The expected output is every line below, reproduced exactly.

◇ ◇ ◇ ◇ ◇ ◇ ◇

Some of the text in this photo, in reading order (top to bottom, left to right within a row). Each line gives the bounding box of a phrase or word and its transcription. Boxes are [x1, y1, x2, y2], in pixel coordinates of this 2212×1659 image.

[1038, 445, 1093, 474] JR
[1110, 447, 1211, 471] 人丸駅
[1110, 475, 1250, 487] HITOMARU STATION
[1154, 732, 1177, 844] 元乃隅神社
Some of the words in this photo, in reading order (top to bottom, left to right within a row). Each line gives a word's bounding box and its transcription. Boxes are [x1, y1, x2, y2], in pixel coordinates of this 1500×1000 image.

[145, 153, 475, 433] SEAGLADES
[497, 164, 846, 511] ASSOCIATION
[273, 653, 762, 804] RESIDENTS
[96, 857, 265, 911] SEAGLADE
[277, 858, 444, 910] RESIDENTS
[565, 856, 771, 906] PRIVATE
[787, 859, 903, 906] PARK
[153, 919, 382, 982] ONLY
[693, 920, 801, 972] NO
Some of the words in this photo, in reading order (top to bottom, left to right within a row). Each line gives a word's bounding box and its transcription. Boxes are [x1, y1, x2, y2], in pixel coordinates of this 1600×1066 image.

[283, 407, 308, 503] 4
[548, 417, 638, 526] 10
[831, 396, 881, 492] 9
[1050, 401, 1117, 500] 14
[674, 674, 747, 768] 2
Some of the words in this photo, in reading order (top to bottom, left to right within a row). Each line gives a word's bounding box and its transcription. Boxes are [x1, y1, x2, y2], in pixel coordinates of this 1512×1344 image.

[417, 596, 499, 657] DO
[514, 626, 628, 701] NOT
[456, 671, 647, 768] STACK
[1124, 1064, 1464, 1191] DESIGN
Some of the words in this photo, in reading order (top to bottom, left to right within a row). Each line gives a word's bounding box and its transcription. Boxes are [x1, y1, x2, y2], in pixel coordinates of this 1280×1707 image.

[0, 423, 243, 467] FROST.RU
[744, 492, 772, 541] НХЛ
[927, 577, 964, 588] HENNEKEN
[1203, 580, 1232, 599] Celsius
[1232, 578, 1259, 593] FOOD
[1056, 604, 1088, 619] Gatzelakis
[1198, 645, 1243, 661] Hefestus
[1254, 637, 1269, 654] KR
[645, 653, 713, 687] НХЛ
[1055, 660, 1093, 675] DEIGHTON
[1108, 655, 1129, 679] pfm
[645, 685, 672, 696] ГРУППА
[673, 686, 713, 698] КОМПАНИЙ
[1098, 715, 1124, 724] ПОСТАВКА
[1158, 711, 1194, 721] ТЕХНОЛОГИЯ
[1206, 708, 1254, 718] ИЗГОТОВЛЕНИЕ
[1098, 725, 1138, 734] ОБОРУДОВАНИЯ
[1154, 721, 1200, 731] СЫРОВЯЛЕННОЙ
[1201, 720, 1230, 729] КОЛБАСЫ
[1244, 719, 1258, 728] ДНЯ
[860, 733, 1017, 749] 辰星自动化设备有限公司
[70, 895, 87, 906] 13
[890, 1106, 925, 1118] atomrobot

◇ ◇ ◇ ◇ ◇ ◇ ◇

Output for this exercise:
Some of the text in this photo, in reading order (top to bottom, left to right within a row). Each line gives the bounding box of a phrase or word and its transcription. Boxes are [x1, y1, x2, y2], in pixel coordinates of this 2212×1659 image.

[1038, 445, 1093, 474] JR
[1110, 447, 1211, 471] 人丸駅
[1110, 475, 1250, 487] HITOMARU STATION
[1154, 732, 1177, 844] 元乃隅神社
Some of the words in this photo, in reading order (top to bottom, left to right within a row). Each line gives a word's bounding box and its transcription. Boxes are [x1, y1, x2, y2], in pixel coordinates of this 1500×1000 image.

[145, 153, 475, 433] SEAGLADES
[497, 164, 846, 511] ASSOCIATION
[273, 653, 762, 804] RESIDENTS
[96, 857, 265, 911] SEAGLADE
[277, 858, 444, 910] RESIDENTS
[565, 856, 771, 906] PRIVATE
[787, 859, 903, 906] PARK
[153, 919, 382, 982] ONLY
[693, 920, 801, 972] NO
Some of the words in this photo, in reading order (top to bottom, left to right within a row). Each line gives a word's bounding box and its transcription. Boxes are [x1, y1, x2, y2], in pixel coordinates of this 1600×1066 image.

[283, 407, 308, 503] 4
[548, 417, 638, 526] 10
[831, 396, 881, 492] 9
[1050, 401, 1117, 500] 14
[674, 674, 747, 768] 2
Some of the words in this photo, in reading order (top to bottom, left to right within a row). Each line gives a word's bounding box and its transcription. Boxes are [x1, y1, x2, y2], in pixel coordinates of this 1512×1344 image.

[417, 596, 499, 657] DO
[514, 626, 628, 701] NOT
[456, 671, 647, 768] STACK
[1124, 1064, 1464, 1191] DESIGN
Some of the words in this photo, in reading order (top to bottom, left to right within a row). Each line gives a word's bounding box and its transcription. Boxes are [x1, y1, x2, y2], in pixel coordinates of this 1280×1707 image.

[0, 423, 243, 467] FROST.RU
[744, 492, 772, 541] НХЛ
[927, 577, 964, 588] HENNEKEN
[1203, 580, 1232, 599] Celsius
[1232, 578, 1259, 593] FOOD
[1056, 604, 1088, 619] Gatzelakis
[1198, 645, 1243, 661] Hefestus
[1254, 637, 1269, 654] KR
[645, 653, 713, 687] НХЛ
[1055, 660, 1093, 675] DEIGHTON
[1108, 655, 1129, 679] pfm
[645, 685, 672, 696] ГРУППА
[673, 686, 713, 698] КОМПАНИЙ
[1098, 715, 1124, 724] ПОСТАВКА
[1158, 711, 1194, 721] ТЕХНОЛОГИЯ
[1206, 708, 1254, 718] ИЗГОТОВЛЕНИЕ
[1098, 725, 1138, 734] ОБОРУДОВАНИЯ
[1154, 721, 1200, 731] СЫРОВЯЛЕННОЙ
[1201, 720, 1230, 729] КОЛБАСЫ
[1244, 719, 1258, 728] ДНЯ
[860, 733, 1017, 749] 辰星自动化设备有限公司
[70, 895, 87, 906] 13
[890, 1106, 925, 1118] atomrobot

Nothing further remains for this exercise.